Het blad is bedoeld voor geleerden en ongeleerden,

en vooral voor Commercieerende Leeden van dit Gemeenbest, zo mede voor bedrukte Zeehandelaars, voor mishandeld wordende dienaaren van de O:I:Comp.; voor hulpelose Colonisten […] als ook voor alle Regenten en Ministers van ons Vaderland. (p. 6)

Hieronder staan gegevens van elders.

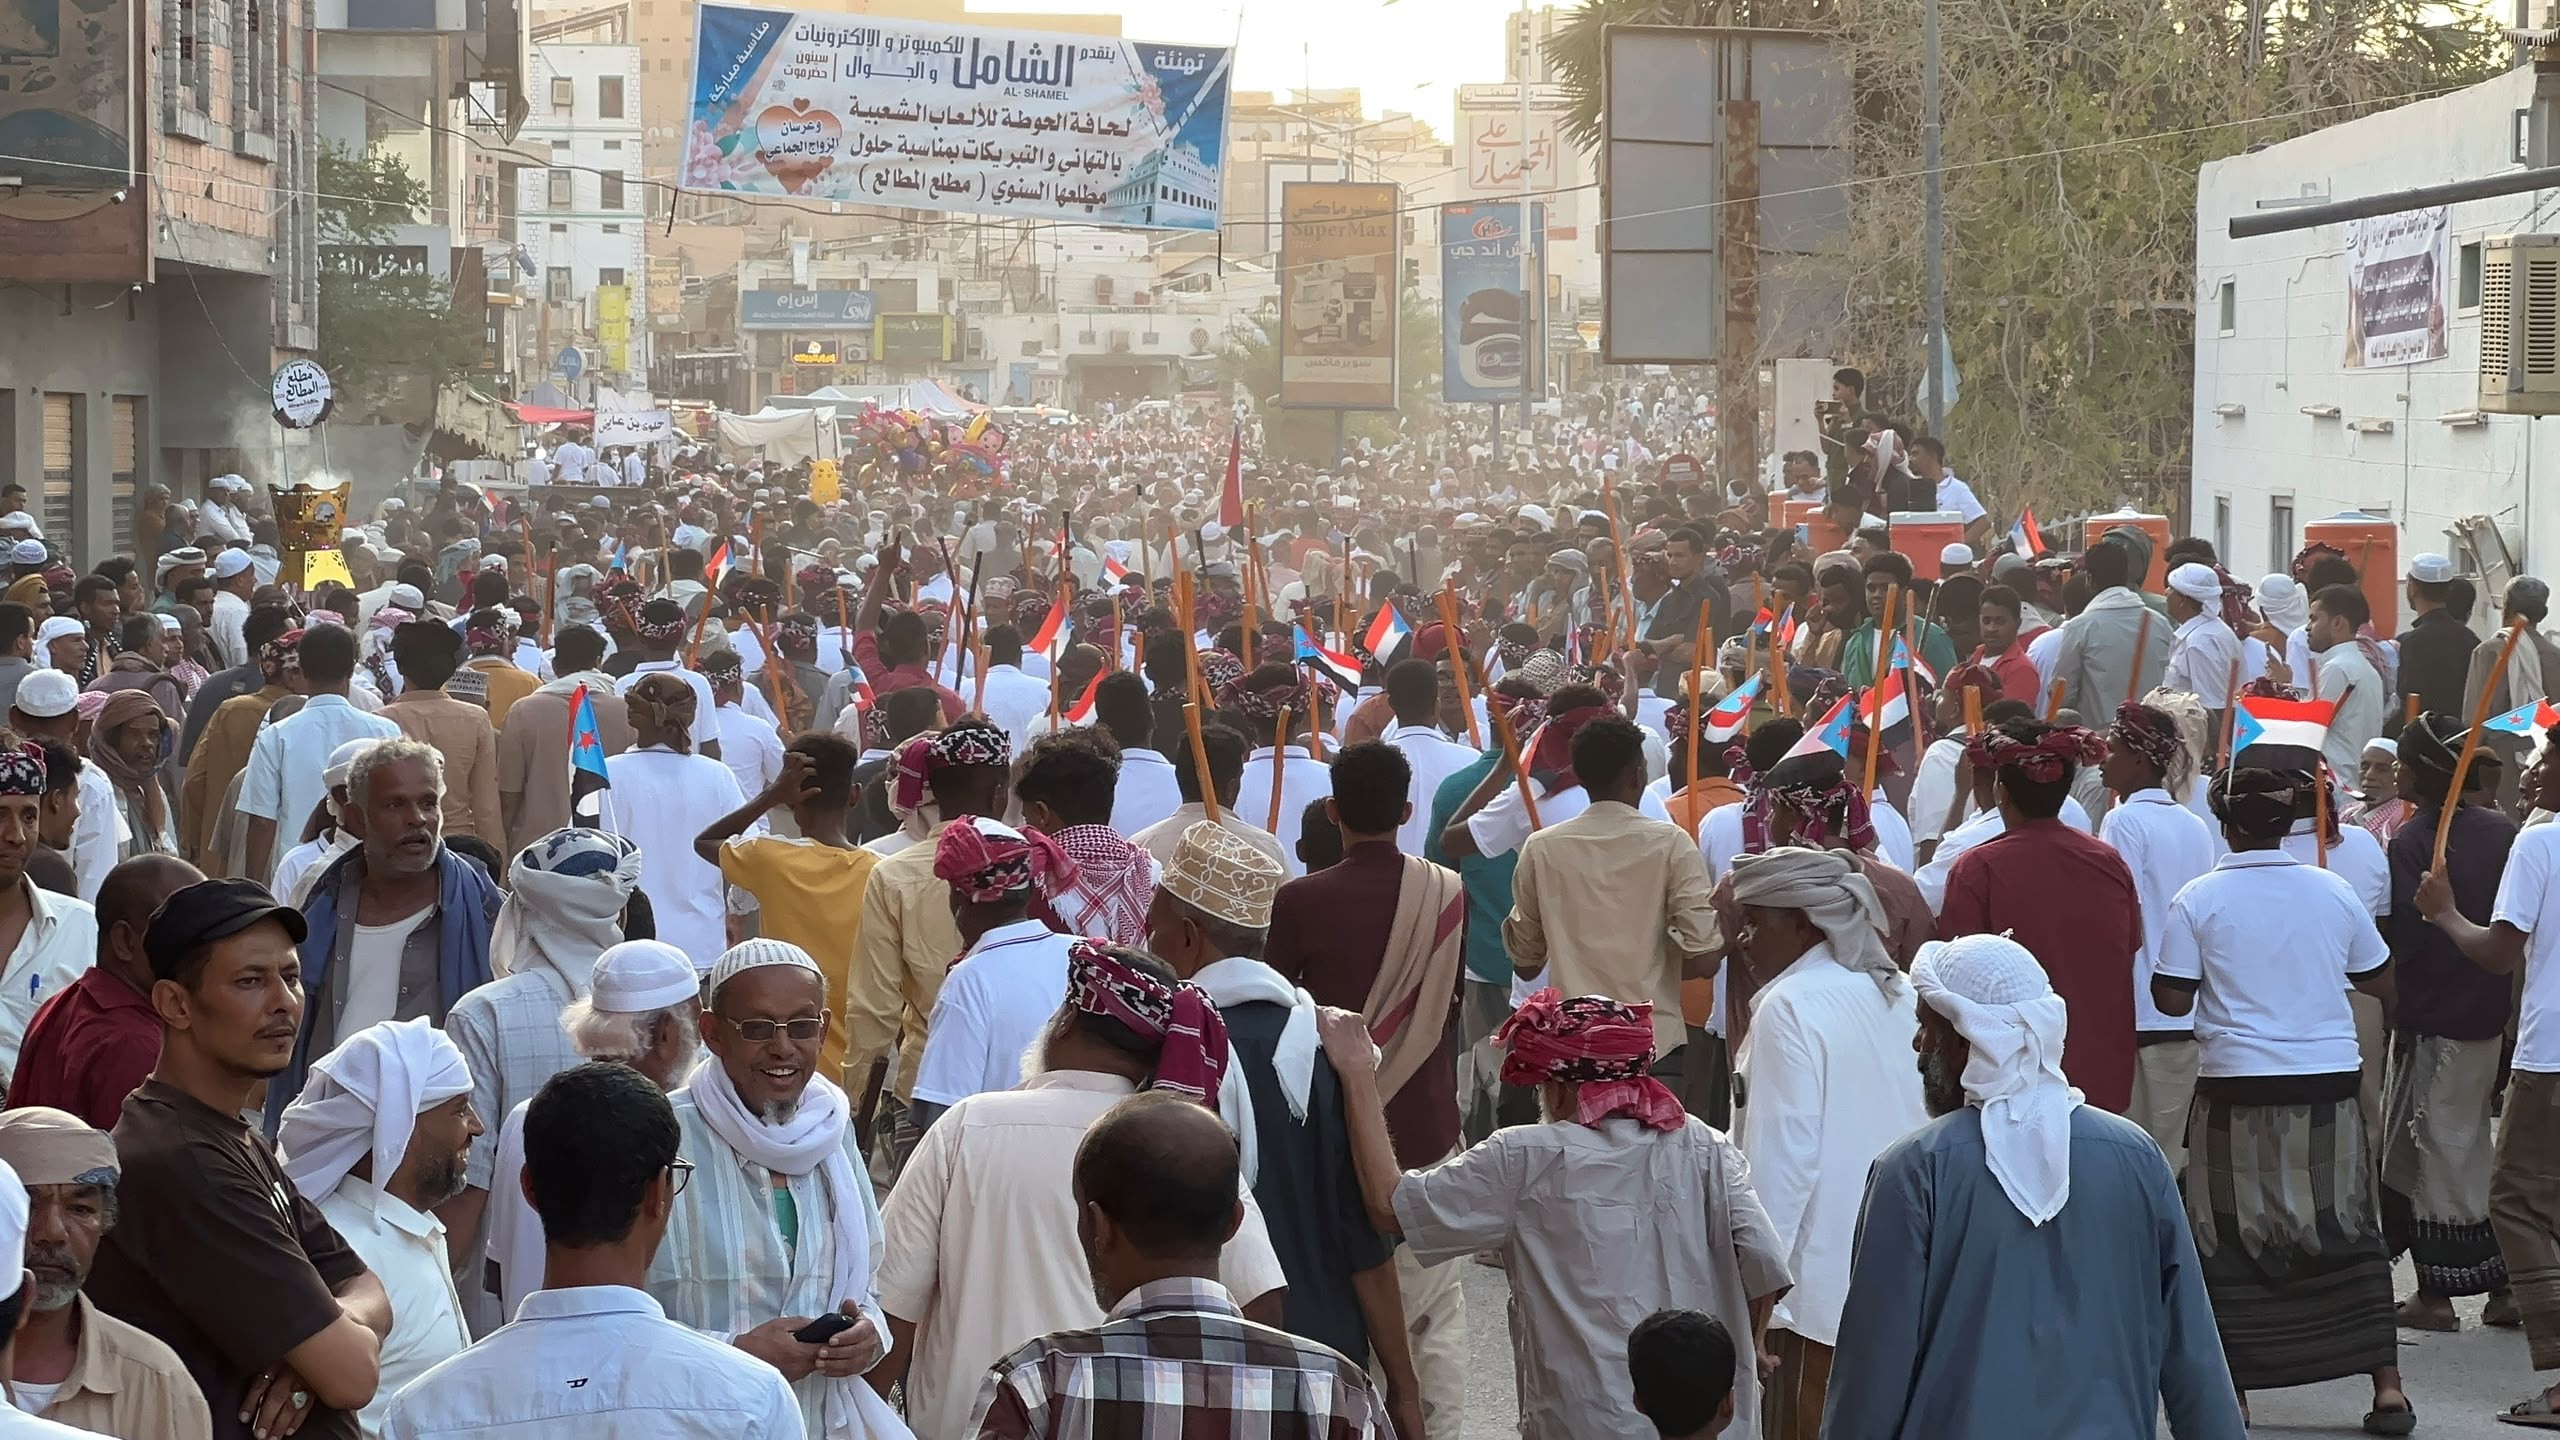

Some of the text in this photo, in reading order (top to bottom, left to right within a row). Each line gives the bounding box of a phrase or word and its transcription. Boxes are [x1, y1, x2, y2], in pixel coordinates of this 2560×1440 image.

Men zal een ‘borgerlijke stijl’ hanteren (p. 6). De OIC heeft niet alleen een buitenlandse vijand (Engeland) maar ook een binnenlandse: de inactiviteit van ‘de verdervende hand’.
In de extra nummers vindt men vooral de correspondentie van het blad. Hierin zijn brieven, voorstellen en dergelijke opgenomen.
Aan het begin van de tweede serie wordt gewaarschuwd dat men nu zal overgaan tot iets algemener beschouwingen. Inderdaad hebben afleveringen dan soms kopjes als ‘Het patriotismus’. Geleidelijk aan wordt men echter weer praktisch en volgt er vooral nieuws over bijvoorbeeld traktementen, financiën, bewindhebberschappen.
Al bij al maakt dit tijdschrift een buitengewoon goed geïnformeerde en zeer moderne indruk. De informatie heeft zeer vaak betrekking op Nederlandse bezittingen in Ceylon, Voor-Indië en de Kaap. De politieke sympathieën neigen naar het patriottisme.

Exemplaren
STCN 239050940
¶ Full text deel 1deel 2 en deel 3

Literatuur
¶ A. Doedens, L. Mulder (ed.), De memoires van Hendrik Breton, ofwel de duistere zijde van de VOC (Amsterdam 2003), p. 13.